4. The Commission should go beyond existing statements by UNAIDS and its co-sponsors. While UNAIDS and some of its co-sponsors have made important statements opposing legal barriers to HIV responses, the Commission has an opportunity to go beyond these statements based on its independent expertise. For example:

– Beyond opposing anti-prostitution laws, the Commission should clarify that it is not sex work per se, but the failure to recognize sex work as legitimate work that contributes to HIV risk. The Commission should likewise oppose the conflation of sex work and trafficking.
– Beyond advocating against sodomy laws, the Commission should call for an end to all state-sponsored homophobia, including the use of homophobia as a political tool and efforts by international right-wing groups to enact anti-homosexuality laws in AIDS-affected countries. 
– Beyond favoring harm reduction strategies such as needle exchange and substitution treatment, the Commission should recognize that the criminalization of drug use and possession creates far more HIV risk than drug use itself, and that the United Nations should unite in diverting resources from punitive approaches to drug use to those based on health and human rights.
– Beyond opposing the criminalization of HIV transmission and exposure, the Commission should investigate the extent of enforcement of HIV-specific criminal laws in both rich and poor countries, especially its effects on women.
– Beyond endorsing women’s legal equality, the Commission should highlight the reasons for lack of progress in this area, including conflicts between customary and statutory law and the way in which women are denied their statutory and constitutional rights.

5. The Commission should clearly establish the role of human rights-based laws in the scale-up of HIV testing and treatment.

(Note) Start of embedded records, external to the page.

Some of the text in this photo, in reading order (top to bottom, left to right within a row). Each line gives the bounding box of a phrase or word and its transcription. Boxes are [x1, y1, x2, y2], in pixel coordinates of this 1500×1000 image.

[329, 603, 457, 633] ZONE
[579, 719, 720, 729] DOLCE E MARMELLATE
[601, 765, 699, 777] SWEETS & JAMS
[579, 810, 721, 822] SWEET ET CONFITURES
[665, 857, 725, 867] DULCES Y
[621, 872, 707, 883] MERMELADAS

Universal access to HIV testing and treatment remains perhaps the preeminent human rights challenge of the HIV response, and the Commission should give it due attention. Efforts to scale up HIV “treatment as prevention” and move to a “Treatment 2.0” model will not work unless legal and human rights barriers to HIV testing, diagnosis, early and successful initiation of treatment, and retention in HIV care and treatment are addressed. An integral part of this effort for women is the integration of HIV and violence prevention and treatment programs and services as well as HIV and sexual and reproductive health programs. The legal barriers include: weak protection against employment discrimination, violence against women and other negative consequences of disclosure of HIV status; weak enforcement of laws guaranteeing informed consent, confidentiality and counseling in HIV testing; laws that criminalize HIV exposure or transmission, which disproportionately affect women and deter people from knowing their HIV status; migration laws that provide for mandatory HIV testing of (certain categories of) non-nationals and the deportation of people testing HIV-positive and/or impose travel and residence restrictions; and overbroad patent and anti-counterfeit laws and trade agreements that block production and importation of affordable generic HIV medicines and prevent implementation of the Doha Declaration on trade-related intellectual property and public health.

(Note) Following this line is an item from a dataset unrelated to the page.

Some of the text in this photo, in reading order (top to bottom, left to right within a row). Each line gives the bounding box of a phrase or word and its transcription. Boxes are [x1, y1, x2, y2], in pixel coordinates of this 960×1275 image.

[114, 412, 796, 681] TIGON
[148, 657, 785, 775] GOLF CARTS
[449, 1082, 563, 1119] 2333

6. The Commission should meaningfully involve civil society in all stages of its work. Perhaps to an even greater extent than by its recommendations, the legacy and impact of the Commission will be shaped by how credibly and respectfully it works with civil society and affected communities, how much its recommendations reflect the voices of those who represent and work with criminalized populations, and how invested civil society feels in the Commission’s work and its follow-up. The hearings convened by the Commission should be genuine opportunities for affected communities to set the agenda and shape the Commission’s work. The Commission should be a model for how it wishes governments to work with HIV-affected groups: involving them at every stage, regarding them as essential to their success, recognizing their diversity, and empowering them to drive the process rather than merely provide input.